**EXERCISE DETAILS:** Leaving the images aside, print every record in the material exactly.

* * * * *

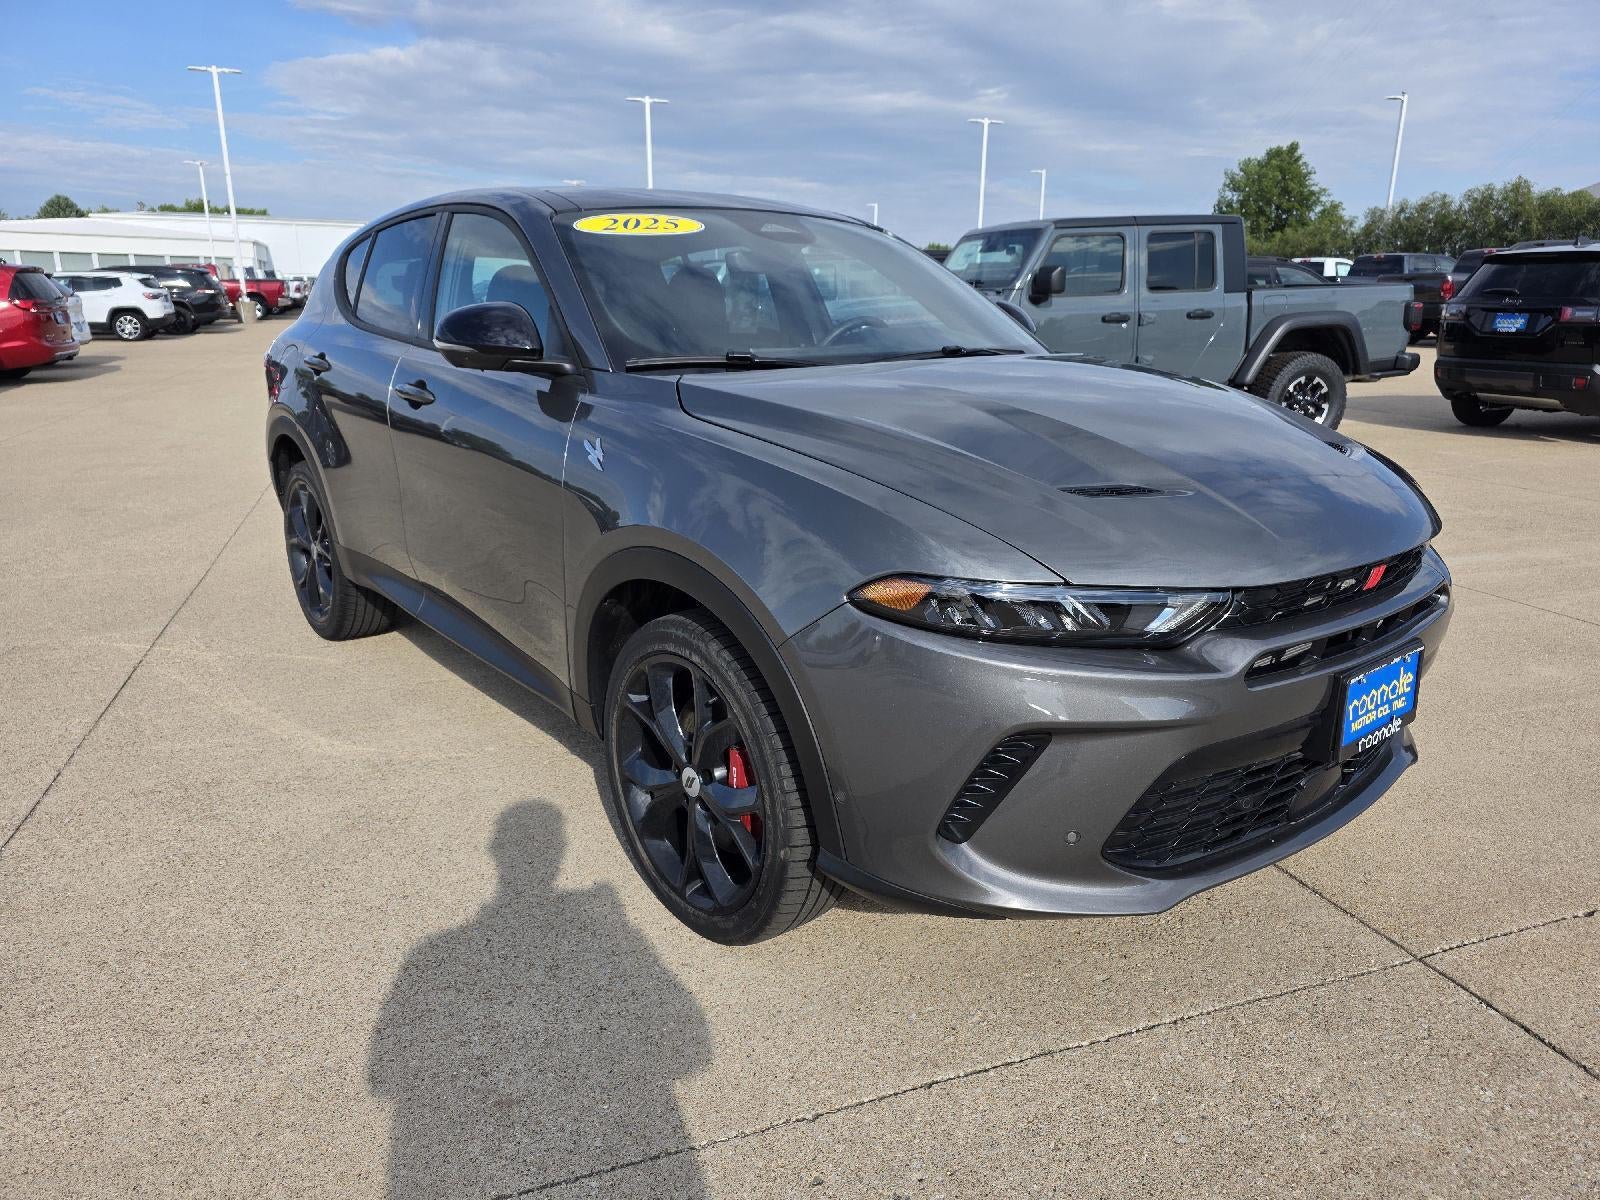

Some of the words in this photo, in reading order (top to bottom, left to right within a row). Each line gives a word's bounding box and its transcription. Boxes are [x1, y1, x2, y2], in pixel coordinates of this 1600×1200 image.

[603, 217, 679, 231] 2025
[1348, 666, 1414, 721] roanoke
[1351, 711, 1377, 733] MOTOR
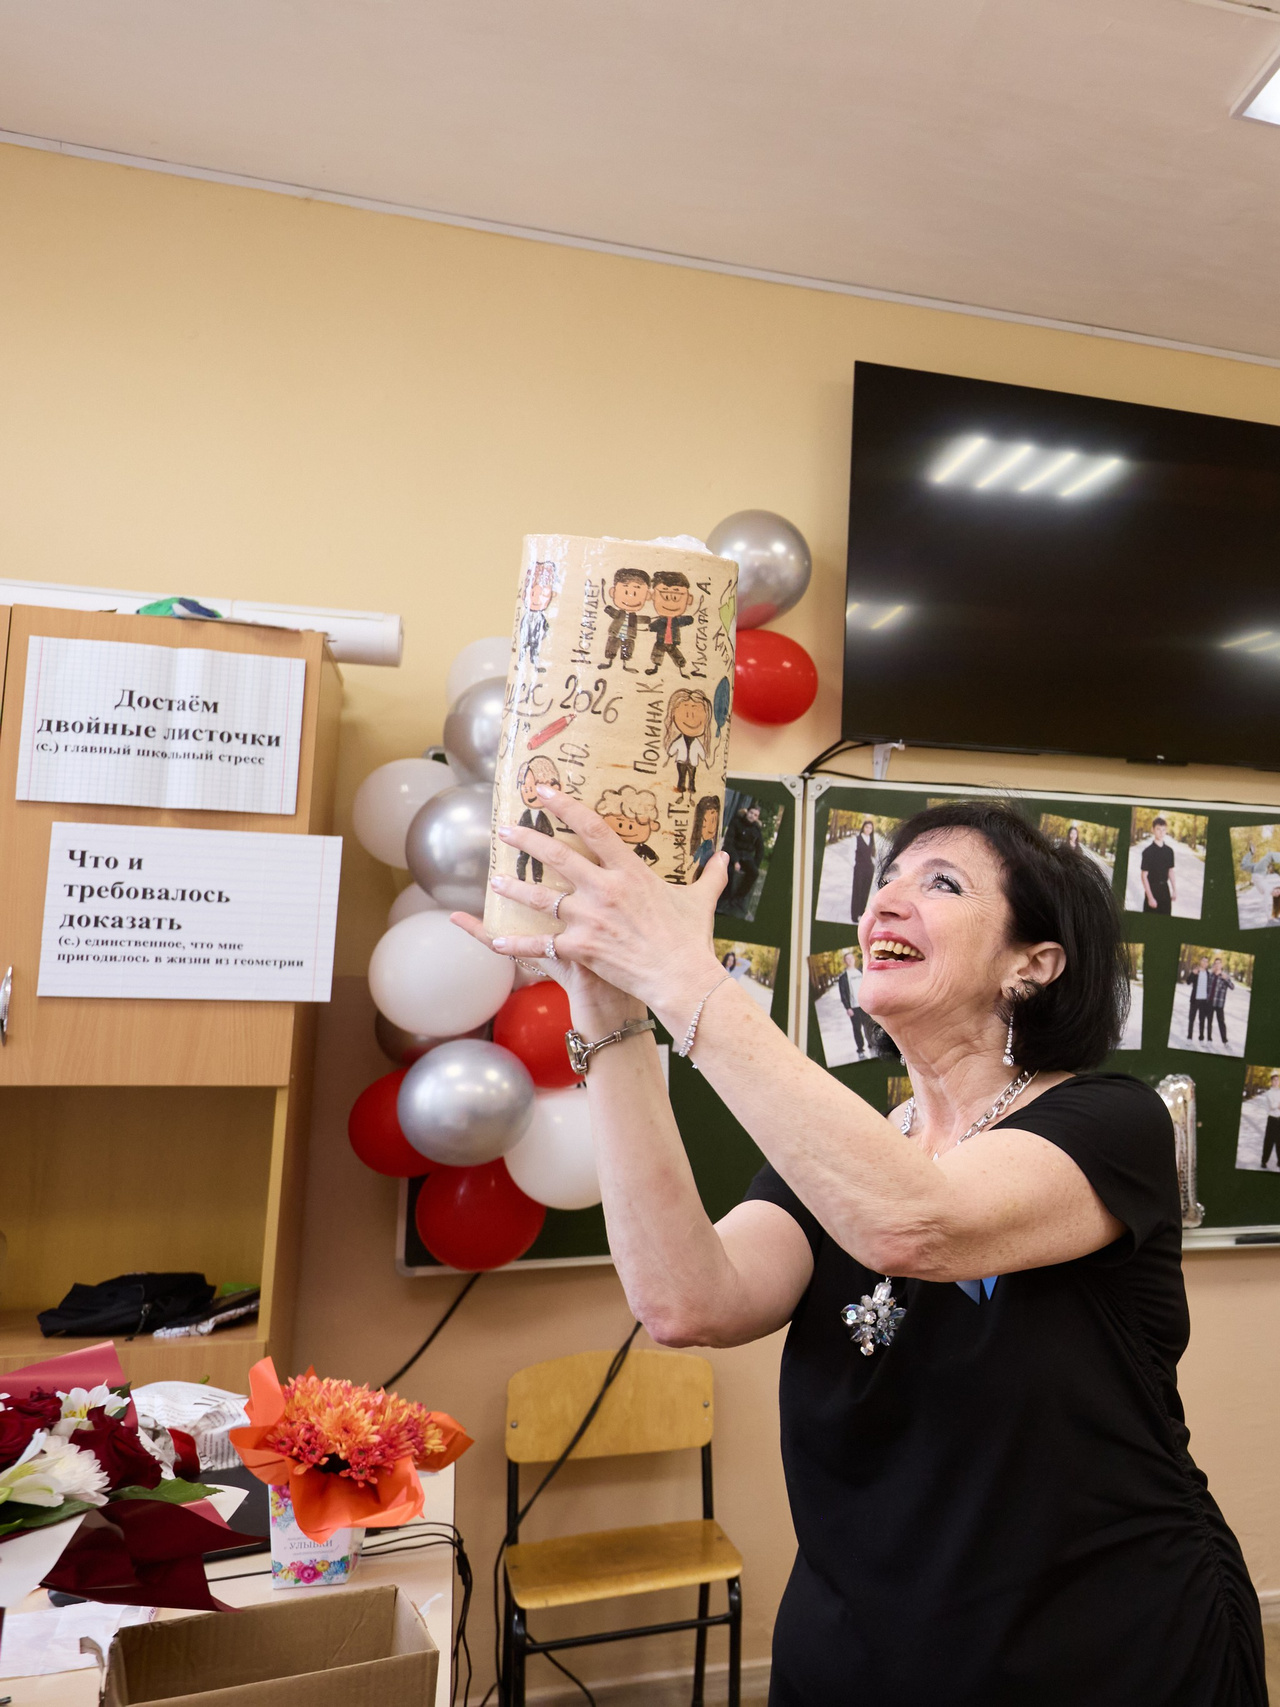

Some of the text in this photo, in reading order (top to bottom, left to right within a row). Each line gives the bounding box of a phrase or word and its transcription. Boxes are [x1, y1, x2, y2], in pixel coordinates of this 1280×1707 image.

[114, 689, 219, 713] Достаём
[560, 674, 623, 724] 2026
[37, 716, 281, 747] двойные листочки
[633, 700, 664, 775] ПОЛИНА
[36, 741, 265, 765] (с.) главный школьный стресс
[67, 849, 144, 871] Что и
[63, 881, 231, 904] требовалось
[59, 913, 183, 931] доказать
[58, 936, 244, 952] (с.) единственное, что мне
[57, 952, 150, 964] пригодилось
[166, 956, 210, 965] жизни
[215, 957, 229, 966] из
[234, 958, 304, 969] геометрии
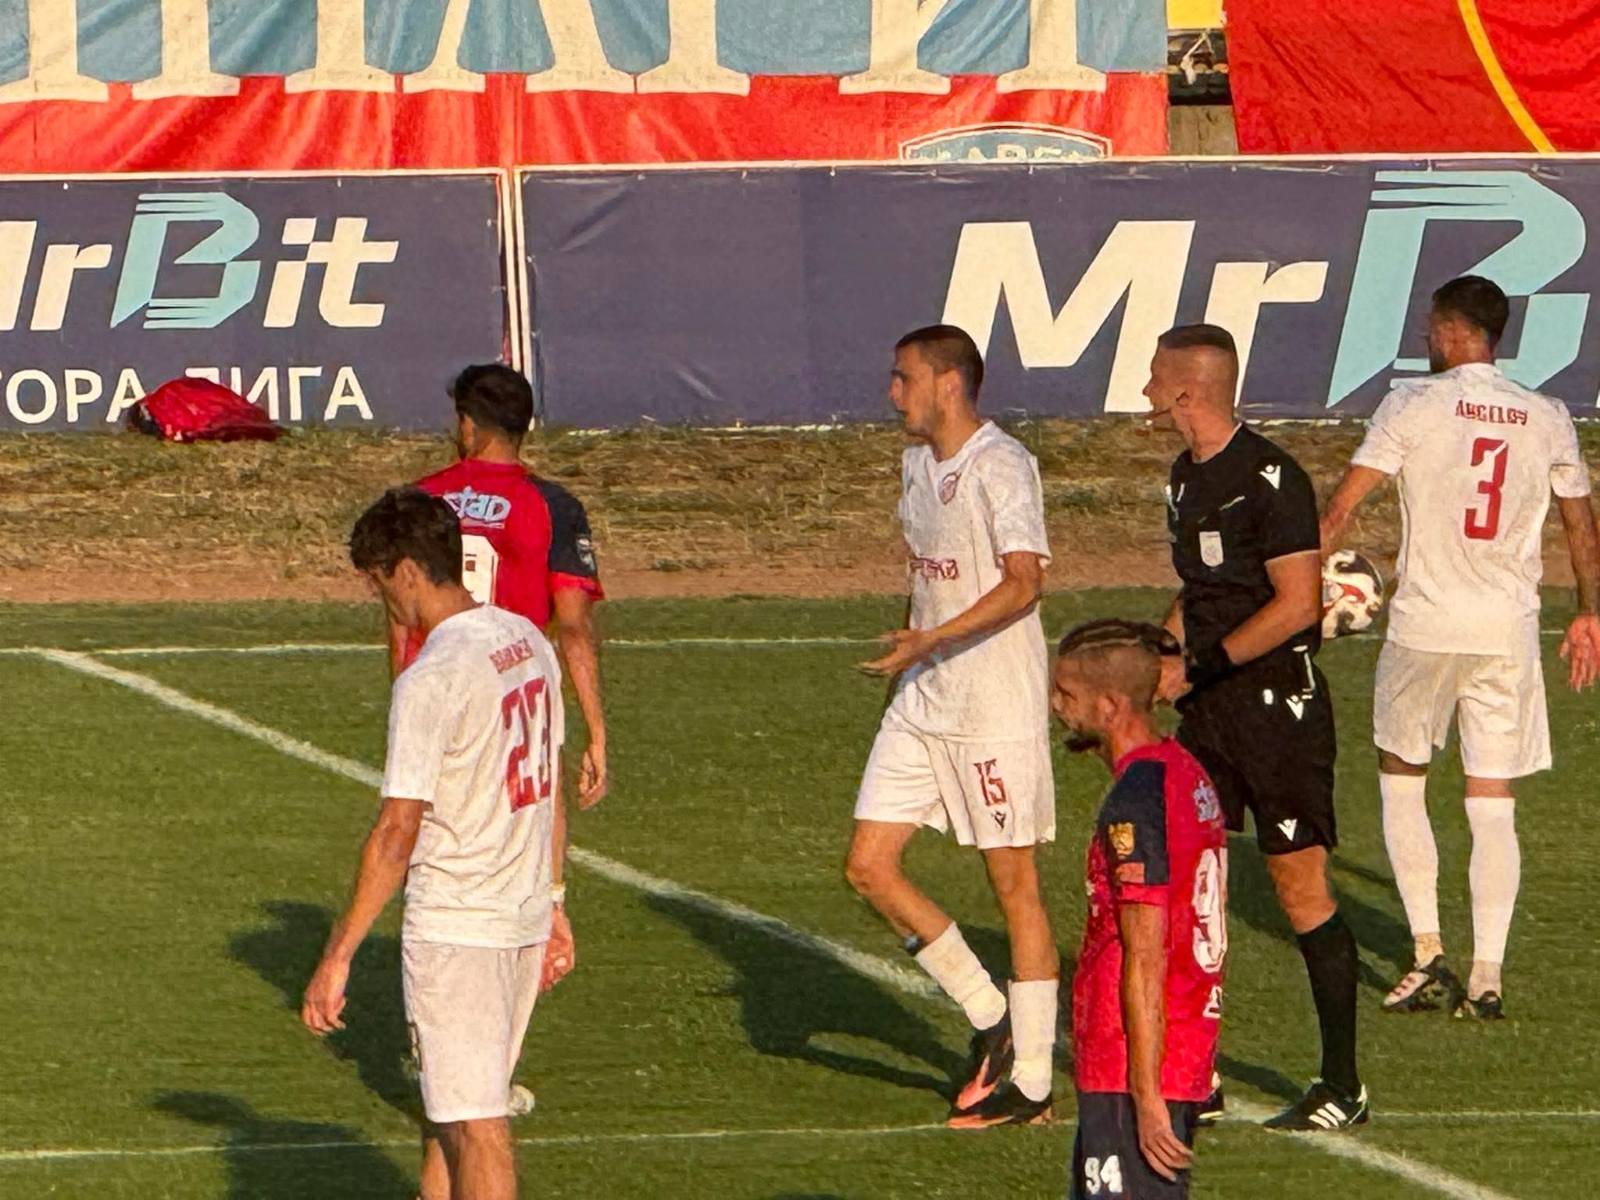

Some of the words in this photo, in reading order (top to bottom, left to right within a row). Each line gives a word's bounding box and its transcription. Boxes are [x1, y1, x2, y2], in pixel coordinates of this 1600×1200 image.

* * * * *

**ANSWER TO THIS PROBLEM:**
Some of the words in this photo, in reading order (top to bottom, left to right within a row). Each line gives a word's bounding box and its transcription. Boxes are [x1, y1, x2, y2], in pixel coordinates of this 1600×1200 image.

[603, 217, 679, 231] 2025
[1348, 666, 1414, 721] roanoke
[1351, 711, 1377, 733] MOTOR

Some of the text in this photo, in reading order (top to bottom, left to right within a row). Each line gives the bounding box of a phrase or word and its transcription. Boxes are [x1, y1, x2, y2], in pixel coordinates of this 1280×1707 image.

[114, 689, 219, 713] Достаём
[560, 674, 623, 724] 2026
[37, 716, 281, 747] двойные листочки
[633, 700, 664, 775] ПОЛИНА
[36, 741, 265, 765] (с.) главный школьный стресс
[67, 849, 144, 871] Что и
[63, 881, 231, 904] требовалось
[59, 913, 183, 931] доказать
[58, 936, 244, 952] (с.) единственное, что мне
[57, 952, 150, 964] пригодилось
[166, 956, 210, 965] жизни
[215, 957, 229, 966] из
[234, 958, 304, 969] геометрии

Some of the words in this photo, in reading order (top to bottom, left to right within a row). Each line gives a word's bounding box and its transcription. Boxes are [x1, y1, x2, y2], in pixel coordinates of this 1600×1200 image.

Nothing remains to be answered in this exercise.